══ RECORDS FOR THIS TASK
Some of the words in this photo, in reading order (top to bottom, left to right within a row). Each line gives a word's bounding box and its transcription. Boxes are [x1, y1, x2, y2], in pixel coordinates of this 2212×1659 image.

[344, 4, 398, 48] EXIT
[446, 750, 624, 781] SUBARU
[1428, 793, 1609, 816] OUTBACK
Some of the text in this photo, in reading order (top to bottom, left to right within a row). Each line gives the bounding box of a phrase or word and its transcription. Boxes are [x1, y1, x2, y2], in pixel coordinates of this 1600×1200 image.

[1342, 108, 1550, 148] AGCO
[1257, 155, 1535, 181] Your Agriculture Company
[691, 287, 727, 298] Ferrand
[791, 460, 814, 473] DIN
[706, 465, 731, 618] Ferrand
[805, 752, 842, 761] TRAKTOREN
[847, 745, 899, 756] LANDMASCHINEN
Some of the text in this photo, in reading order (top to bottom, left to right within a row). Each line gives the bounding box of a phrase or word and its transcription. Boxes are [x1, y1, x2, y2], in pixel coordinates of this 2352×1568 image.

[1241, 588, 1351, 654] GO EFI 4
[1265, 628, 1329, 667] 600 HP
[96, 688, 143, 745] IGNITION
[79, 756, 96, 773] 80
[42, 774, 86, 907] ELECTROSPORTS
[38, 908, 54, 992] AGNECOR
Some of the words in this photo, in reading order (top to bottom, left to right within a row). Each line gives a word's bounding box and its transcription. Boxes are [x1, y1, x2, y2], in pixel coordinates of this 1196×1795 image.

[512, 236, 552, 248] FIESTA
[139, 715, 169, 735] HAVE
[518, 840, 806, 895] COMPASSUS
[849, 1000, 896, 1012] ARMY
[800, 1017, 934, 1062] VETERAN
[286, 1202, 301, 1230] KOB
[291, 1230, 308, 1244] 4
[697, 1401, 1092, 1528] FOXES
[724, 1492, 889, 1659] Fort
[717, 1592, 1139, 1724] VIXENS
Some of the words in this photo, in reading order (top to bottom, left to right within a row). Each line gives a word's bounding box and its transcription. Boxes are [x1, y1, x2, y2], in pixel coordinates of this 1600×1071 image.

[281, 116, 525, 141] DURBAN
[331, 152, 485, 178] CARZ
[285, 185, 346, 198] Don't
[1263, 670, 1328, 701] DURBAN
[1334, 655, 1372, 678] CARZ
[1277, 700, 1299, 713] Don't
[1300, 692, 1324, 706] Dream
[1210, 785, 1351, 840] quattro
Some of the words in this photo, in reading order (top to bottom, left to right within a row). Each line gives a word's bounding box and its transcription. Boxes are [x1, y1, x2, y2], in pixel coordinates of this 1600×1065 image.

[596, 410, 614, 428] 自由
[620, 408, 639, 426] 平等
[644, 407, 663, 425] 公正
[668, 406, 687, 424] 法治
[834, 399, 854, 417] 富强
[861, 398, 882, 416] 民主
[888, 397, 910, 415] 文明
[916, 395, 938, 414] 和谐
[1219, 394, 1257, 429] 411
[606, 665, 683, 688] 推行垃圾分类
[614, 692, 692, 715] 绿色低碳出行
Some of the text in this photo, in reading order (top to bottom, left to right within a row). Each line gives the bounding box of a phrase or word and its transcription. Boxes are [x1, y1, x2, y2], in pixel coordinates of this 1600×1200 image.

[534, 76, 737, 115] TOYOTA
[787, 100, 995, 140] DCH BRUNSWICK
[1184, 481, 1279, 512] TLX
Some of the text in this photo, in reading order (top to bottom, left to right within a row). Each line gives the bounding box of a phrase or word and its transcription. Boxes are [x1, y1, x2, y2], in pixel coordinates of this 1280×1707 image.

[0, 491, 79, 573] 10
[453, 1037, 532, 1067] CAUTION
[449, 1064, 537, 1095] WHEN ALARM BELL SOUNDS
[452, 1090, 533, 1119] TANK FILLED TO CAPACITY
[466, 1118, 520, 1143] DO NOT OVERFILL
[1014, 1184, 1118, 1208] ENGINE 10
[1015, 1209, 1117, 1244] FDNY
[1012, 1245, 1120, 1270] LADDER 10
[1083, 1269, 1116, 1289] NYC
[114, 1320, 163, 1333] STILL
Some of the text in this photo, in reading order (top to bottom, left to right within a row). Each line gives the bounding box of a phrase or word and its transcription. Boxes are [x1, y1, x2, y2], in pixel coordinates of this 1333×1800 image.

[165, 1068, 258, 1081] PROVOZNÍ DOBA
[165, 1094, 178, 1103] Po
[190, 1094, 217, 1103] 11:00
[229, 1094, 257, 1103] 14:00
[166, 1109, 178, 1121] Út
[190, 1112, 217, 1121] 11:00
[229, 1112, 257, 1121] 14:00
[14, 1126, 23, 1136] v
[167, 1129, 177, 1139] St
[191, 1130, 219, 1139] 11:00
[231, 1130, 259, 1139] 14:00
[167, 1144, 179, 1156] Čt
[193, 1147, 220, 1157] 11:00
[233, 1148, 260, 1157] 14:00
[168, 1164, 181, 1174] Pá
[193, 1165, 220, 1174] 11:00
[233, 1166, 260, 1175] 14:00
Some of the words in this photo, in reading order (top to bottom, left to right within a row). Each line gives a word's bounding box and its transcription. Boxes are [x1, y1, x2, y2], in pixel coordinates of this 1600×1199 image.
════
The material is to be output in full, exactly as it stands.

Some of the words in this photo, in reading order (top to bottom, left to right within a row). Each line gives a word's bounding box and its transcription. Boxes are [x1, y1, x2, y2], in pixel coordinates of this 2212×1659 image.

[344, 4, 398, 48] EXIT
[446, 750, 624, 781] SUBARU
[1428, 793, 1609, 816] OUTBACK
Some of the text in this photo, in reading order (top to bottom, left to right within a row). Each line gives the bounding box of a phrase or word and its transcription. Boxes are [x1, y1, x2, y2], in pixel coordinates of this 1600×1200 image.

[1342, 108, 1550, 148] AGCO
[1257, 155, 1535, 181] Your Agriculture Company
[691, 287, 727, 298] Ferrand
[791, 460, 814, 473] DIN
[706, 465, 731, 618] Ferrand
[805, 752, 842, 761] TRAKTOREN
[847, 745, 899, 756] LANDMASCHINEN
Some of the text in this photo, in reading order (top to bottom, left to right within a row). Each line gives the bounding box of a phrase or word and its transcription. Boxes are [x1, y1, x2, y2], in pixel coordinates of this 2352×1568 image.

[1241, 588, 1351, 654] GO EFI 4
[1265, 628, 1329, 667] 600 HP
[96, 688, 143, 745] IGNITION
[79, 756, 96, 773] 80
[42, 774, 86, 907] ELECTROSPORTS
[38, 908, 54, 992] AGNECOR
Some of the words in this photo, in reading order (top to bottom, left to right within a row). Each line gives a word's bounding box and its transcription. Boxes are [x1, y1, x2, y2], in pixel coordinates of this 1196×1795 image.

[512, 236, 552, 248] FIESTA
[139, 715, 169, 735] HAVE
[518, 840, 806, 895] COMPASSUS
[849, 1000, 896, 1012] ARMY
[800, 1017, 934, 1062] VETERAN
[286, 1202, 301, 1230] KOB
[291, 1230, 308, 1244] 4
[697, 1401, 1092, 1528] FOXES
[724, 1492, 889, 1659] Fort
[717, 1592, 1139, 1724] VIXENS
Some of the words in this photo, in reading order (top to bottom, left to right within a row). Each line gives a word's bounding box and its transcription. Boxes are [x1, y1, x2, y2], in pixel coordinates of this 1600×1071 image.

[281, 116, 525, 141] DURBAN
[331, 152, 485, 178] CARZ
[285, 185, 346, 198] Don't
[1263, 670, 1328, 701] DURBAN
[1334, 655, 1372, 678] CARZ
[1277, 700, 1299, 713] Don't
[1300, 692, 1324, 706] Dream
[1210, 785, 1351, 840] quattro
Some of the words in this photo, in reading order (top to bottom, left to right within a row). Each line gives a word's bounding box and its transcription. Boxes are [x1, y1, x2, y2], in pixel coordinates of this 1600×1065 image.

[596, 410, 614, 428] 自由
[620, 408, 639, 426] 平等
[644, 407, 663, 425] 公正
[668, 406, 687, 424] 法治
[834, 399, 854, 417] 富强
[861, 398, 882, 416] 民主
[888, 397, 910, 415] 文明
[916, 395, 938, 414] 和谐
[1219, 394, 1257, 429] 411
[606, 665, 683, 688] 推行垃圾分类
[614, 692, 692, 715] 绿色低碳出行
Some of the text in this photo, in reading order (top to bottom, left to right within a row). Each line gives the bounding box of a phrase or word and its transcription. Boxes are [x1, y1, x2, y2], in pixel coordinates of this 1600×1200 image.

[534, 76, 737, 115] TOYOTA
[787, 100, 995, 140] DCH BRUNSWICK
[1184, 481, 1279, 512] TLX
Some of the text in this photo, in reading order (top to bottom, left to right within a row). Each line gives the bounding box of a phrase or word and its transcription. Boxes are [x1, y1, x2, y2], in pixel coordinates of this 1280×1707 image.

[0, 491, 79, 573] 10
[453, 1037, 532, 1067] CAUTION
[449, 1064, 537, 1095] WHEN ALARM BELL SOUNDS
[452, 1090, 533, 1119] TANK FILLED TO CAPACITY
[466, 1118, 520, 1143] DO NOT OVERFILL
[1014, 1184, 1118, 1208] ENGINE 10
[1015, 1209, 1117, 1244] FDNY
[1012, 1245, 1120, 1270] LADDER 10
[1083, 1269, 1116, 1289] NYC
[114, 1320, 163, 1333] STILL
Some of the text in this photo, in reading order (top to bottom, left to right within a row). Each line gives the bounding box of a phrase or word and its transcription. Boxes are [x1, y1, x2, y2], in pixel coordinates of this 1333×1800 image.

[165, 1068, 258, 1081] PROVOZNÍ DOBA
[165, 1094, 178, 1103] Po
[190, 1094, 217, 1103] 11:00
[229, 1094, 257, 1103] 14:00
[166, 1109, 178, 1121] Út
[190, 1112, 217, 1121] 11:00
[229, 1112, 257, 1121] 14:00
[14, 1126, 23, 1136] v
[167, 1129, 177, 1139] St
[191, 1130, 219, 1139] 11:00
[231, 1130, 259, 1139] 14:00
[167, 1144, 179, 1156] Čt
[193, 1147, 220, 1157] 11:00
[233, 1148, 260, 1157] 14:00
[168, 1164, 181, 1174] Pá
[193, 1165, 220, 1174] 11:00
[233, 1166, 260, 1175] 14:00
Some of the words in this photo, in reading order (top to bottom, left to right within a row). Each line gives a word's bounding box and its transcription. Boxes are [x1, y1, x2, y2], in pixel coordinates of this 1600×1199 image.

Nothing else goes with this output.